Geimpfte Reisende aus den meisten Ländern der Welt können bald zu allen möglichen Zwecken, auch für den Tourismus, nach Deutschland reisen, nachdem die Bundesregierung das seit Mitte März 2020 geltende Einreiseverbot für Reisende aus Drittländer bekannt gegeben hat wird nun am 25. Juni aufgehoben.

„Ab dem 25. Juni 2021 erlaubt die Bundesregierung vollständig geimpften Personen die Einreise aus Drittländer.“ das teilte das Bundesministerium des Innern, für Bau und Heimat in einer Pressemitteilung mit.

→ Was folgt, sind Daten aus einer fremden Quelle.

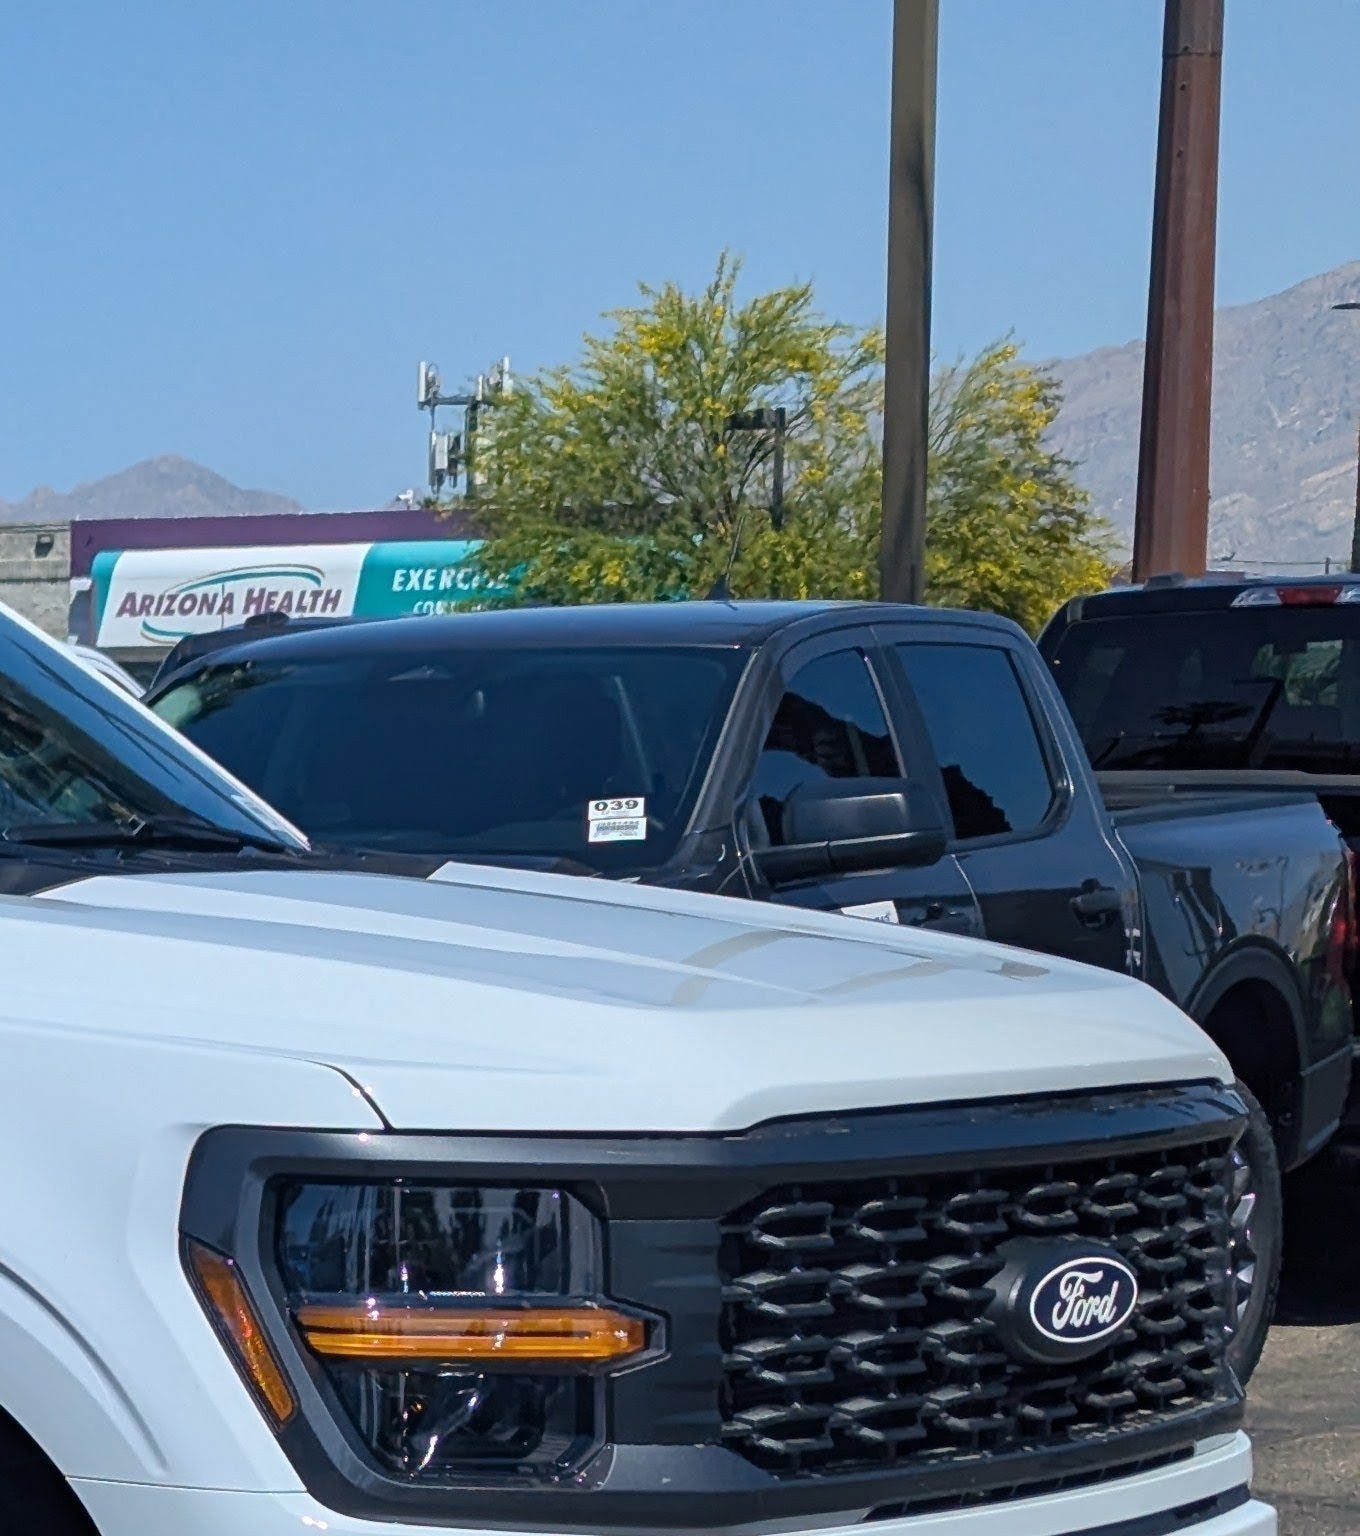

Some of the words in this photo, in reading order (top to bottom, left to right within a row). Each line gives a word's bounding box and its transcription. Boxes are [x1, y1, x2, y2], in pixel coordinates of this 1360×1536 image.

[115, 591, 235, 618] ARIZONA
[242, 587, 342, 616] HEALTH
[594, 800, 639, 811] 039
[1052, 1269, 1120, 1330] Ford

Die Entscheidung ermöglicht es allen Personen, die mit einem der von der Europäischen Arzneimittelagentur (EMA) zugelassenen Impfstoffe geimpft sind wie – Pfizer, Moderna, AstraZeneca und Janssen – zwei Wochen nach Erhalt der letzten Impfung nach Deutschland einzureisen.

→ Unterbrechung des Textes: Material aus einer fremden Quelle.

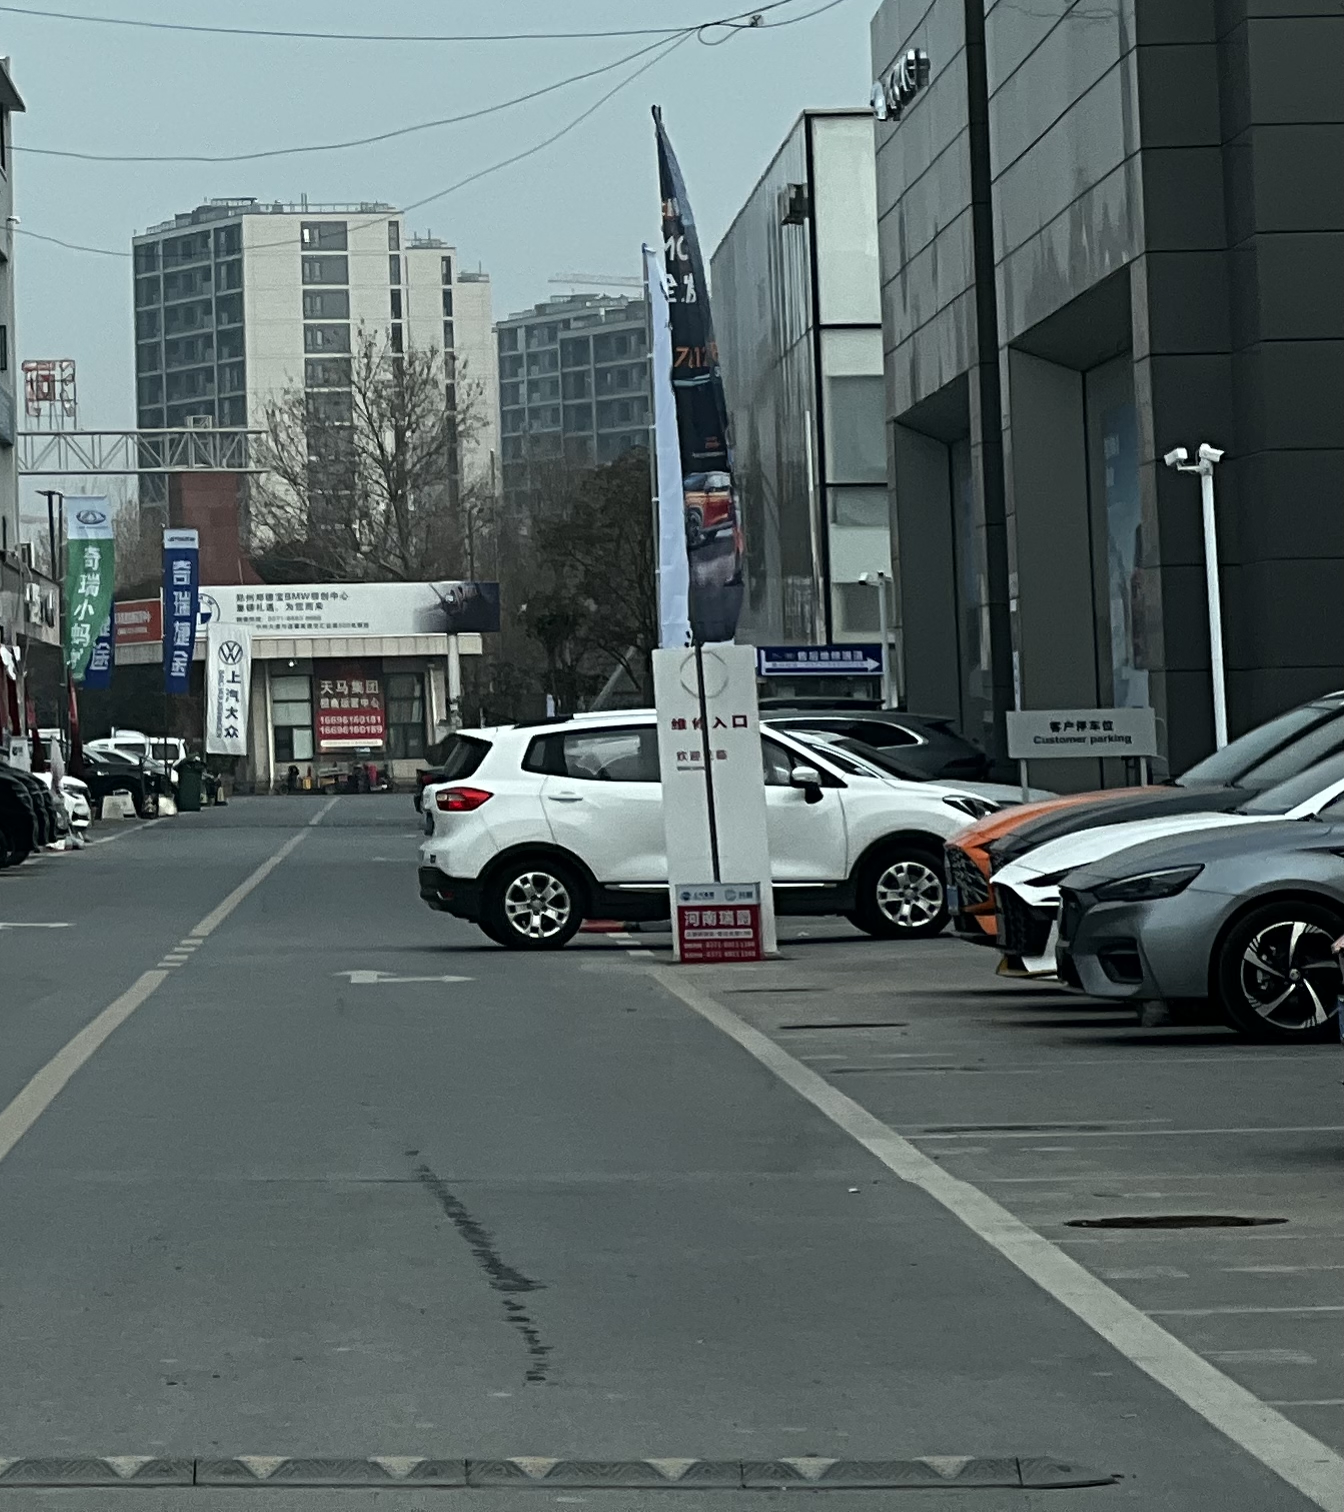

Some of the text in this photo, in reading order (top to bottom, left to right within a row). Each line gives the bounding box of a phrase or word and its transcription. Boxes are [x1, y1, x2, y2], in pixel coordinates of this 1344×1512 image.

„14 Tage nach Erhalt der letzten notwendigen Impfdosis können Drittstaatsangehörige zu jedem zulässigen Zweck einreisen, wenn die allgemeinen aufenthaltsrechtlichen Voraussetzungen erfüllt sind. Insbesondere Besuchsfahrten und touristische Einreisen werden für Geimpfte wieder möglich sein“, erläuterte das Ministerium.

Damit Reisende aus Drittstaaten nach Deutschland einreisen können, müssen sie den Nachweis erbringen, dass sie mit einem der EMA-zugelassenen Impfstoffe gegen das Virus geimpft sind.

Das Dokument zum Nachweis des Impfstatus des Reisenden sollte Angaben zur Identität des Reisenden, zur Art des erhaltenen Impfstoffs, zum Hersteller des Impfstoffs, Datum der Verabreichung des Impfstoffs, anzahl der Impfung(en), Name, Anschrift und Kontakt der zuständigen Institution enthalten.

Reisende aus den Ländern, die in Deutschlands Liste der Virusvariantengebiete aufgeführt sind, können jedoch nicht von dieser Änderung profitieren, einschließlich des Vereinigten Königreichs Großbritannien und Nordirland der Isle of Man, der Kanalinseln und aller britischen Überseegebiete.

Neben Großbritannien gehören auch folgende Länder zu den Virusvariantengebieten: Botswana, Brasilien, Swasiland, Indien, Lesotho, Malawi, Mosambik, Nepal, Sambia, Simbabwe, Südafrika und Uruguay.

Einreisende aus diesen Gebieten, d. h. deutsche Staatsangehörige und deren Familien, sind verpflichtet, ein negatives COVID-19-Testergebnis, eine Impfung gegen das Virus oder einen Genesungsnachweis vorzulegen.

Anfang dieser Woche gab german-visa.org bekannt, dass Deutschland in Zukunft plant, die Reisewarnung für die meisten Länder der Welt aufzuheben, um das Land wieder zur Normalität zu bringen.

Ab dem 1. Juli dürfen Einreisende aus Ländern und Regionen des Schengen-Raums sowie aus Drittstaaten, die nicht mehr dem Einreiseverbot unterliegen, ohne Quarantäne nach Deutschland einreisen.